Ellipsometry [10], is a very well established optical method and frequently used as the method of choice for investigation of thin films and material characterization [11], dimensional metrology [12], process control in material science [13], microelectronics [14] or the solar industry [15]. Real-time monitoring and characterization of thin-film growth [16], as well as the process diagnostics, including etching and thermal oxidation [17,18], belong to the standard application fields of the ellipsometry. However, its indirect nature, due to the fact that the data analysis requires a predefined optical model characterized by the optical constants, constitutes the major drawback of the method. Additionally, the data analysis using such an optical model is usually complex. Finally, the spot size of a light beam used for spectroscopic ellipsometry is typically large, several millimeters in diameter [19]. This noticeably limits the spatial resolution of the measurement. For these reasons, methods that are not based on refraction or phase/polarization change gain importance. As an example, the thickness of the carbon coatings on silicon materials was determined by the hard X-ray photoelectron spectroscopy [20]. A fluorescence-yield depth-resolved soft X-ray absorption spectroscopy technique, based on the principle of probing depth of the sample by changing the detection angle of the fluorescence soft X-rays emission was used for the analysis of FeCo thin films [21]. The X-ray photoelectron spectroscopy was also demonstrated as the tool determining the effective attenuation length of the photoelectrons in SiO₂ on top of Si substrate with a synchrotron being the radiation source [22].

The thickness of thin films can also be obtained directly from absorption measurement by exploiting its very prominent character in the extreme ultraviolet (EUV) region and on the low-energy-side of the soft X-ray (SXR) spectrum. The absorption dynamics unveils even small changes in the thickness of the investigated layer of the order of single nanometers [23], [24]. Hence, obtaining precise information about the sample thickness is possible from the spectroscopic studies by utilizing the direct absorption at a particular wavelength of interest [25] or by analysis of a broadband absorption presented in a form of a spectral optical density (OD) [26,27].

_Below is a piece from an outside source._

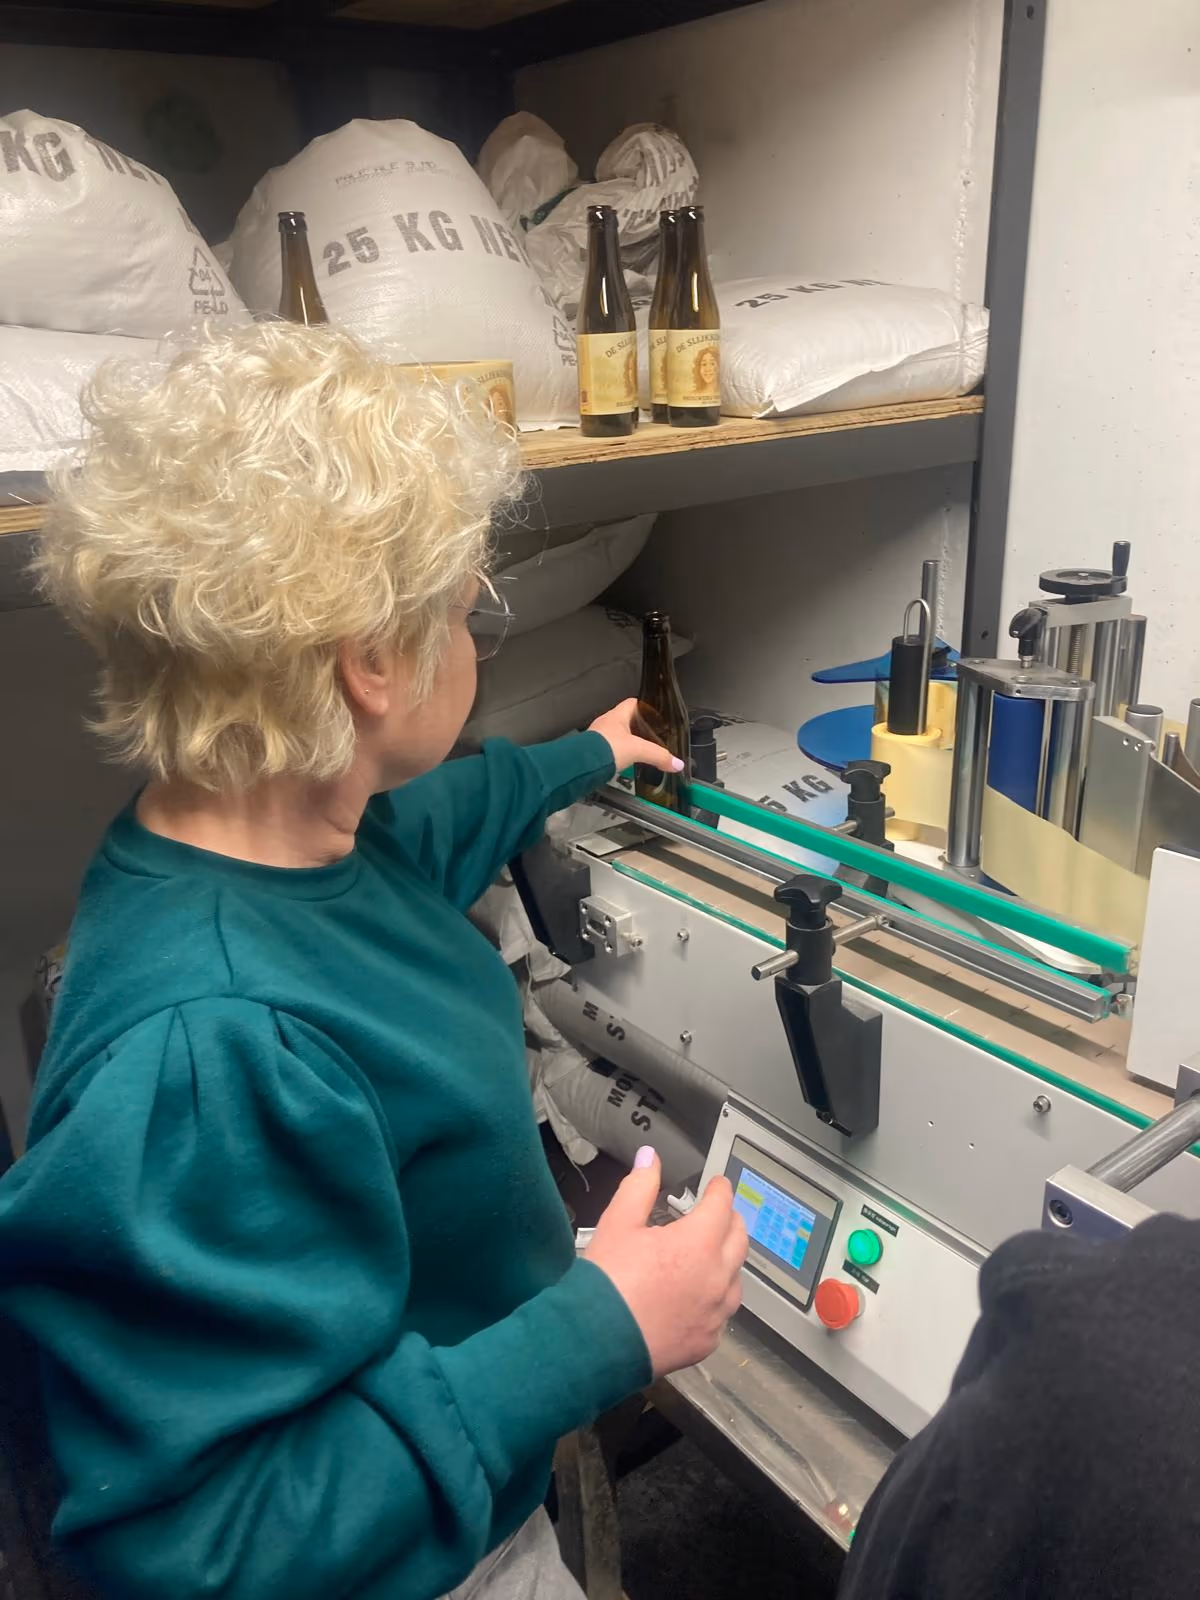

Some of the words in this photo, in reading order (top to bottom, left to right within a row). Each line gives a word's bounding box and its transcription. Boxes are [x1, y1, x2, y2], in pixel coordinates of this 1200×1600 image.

In this work, we follow the absorption approach by analyzing the spectral OD curves, to obtain accurate information about the thickness distribution within a specific area of the TiO₂ layer on the top of a SiN membrane. We propose a new “average” approach to increase the accuracy of the measurement on the layer thickness. The output of the method compares favorably with more standard measurement methods. We revealed the basics of the data processing to explain the reduction in error by analysis of the signal bias present in the reference and transmitted signals/spectra of the laser-plasma X-ray source (LPXS). The absorption spectroscopy is represented in the method by the data acquisition with the near edge X-ray absorption fine structure (NEXAFS). Finally, the presented approach has been extended by the possibility to obtain 2-D maps of the sample thickness with micrometer lateral resolution.

2. Theoretical background

The optical density spectrum extracted from the NEXAFS data carries information about the spectral absorption in the form of the product of medium length and the absorption coefficient. We are looking for one of these parameters – sample thickness. The spectrum is typically obtained from the broadband SXR signal transmitted through the investigated sample (Fig. 1(a)). One can express this dependence by OD(E) = - ln[T(E)] = - ln[I_s (E) / I_r (E)], where OD(E) is the spectral optical density, T(E) is the transmission of the investigated sample, I_s(E) is the spectral intensity of the radiation transmitted through the sample, I_r (E) is the reference spectrum from the source illuminating the sample. Typically, the sample consists of a thin film and a substrate (membrane support) as can be seen in the boxed region in Fig. 1(a). For such sample the total transmission can be expressed in the form T(E) = T₁(E)·T₂(E), with T₁(E) denoting the spectral transmission of the supporting membrane, in principle of known thickness.

 

Fig. 1. Scheme of the experimental setup for NEXAFS-based thickness mapping a). A small inset shows the schematic structure of the investigated sample. Two spectra (the sample I_s (E) and reference I_r (E) spectrum, image b)) are recorded simultaneously to obtain an accurate OD spectrum. The typical raw data image, depicting both spectra is also presented. A 2-D mapping was obtained by shifting the sample in x-direction and partial-binning of the available sample spectrum in the y-direction.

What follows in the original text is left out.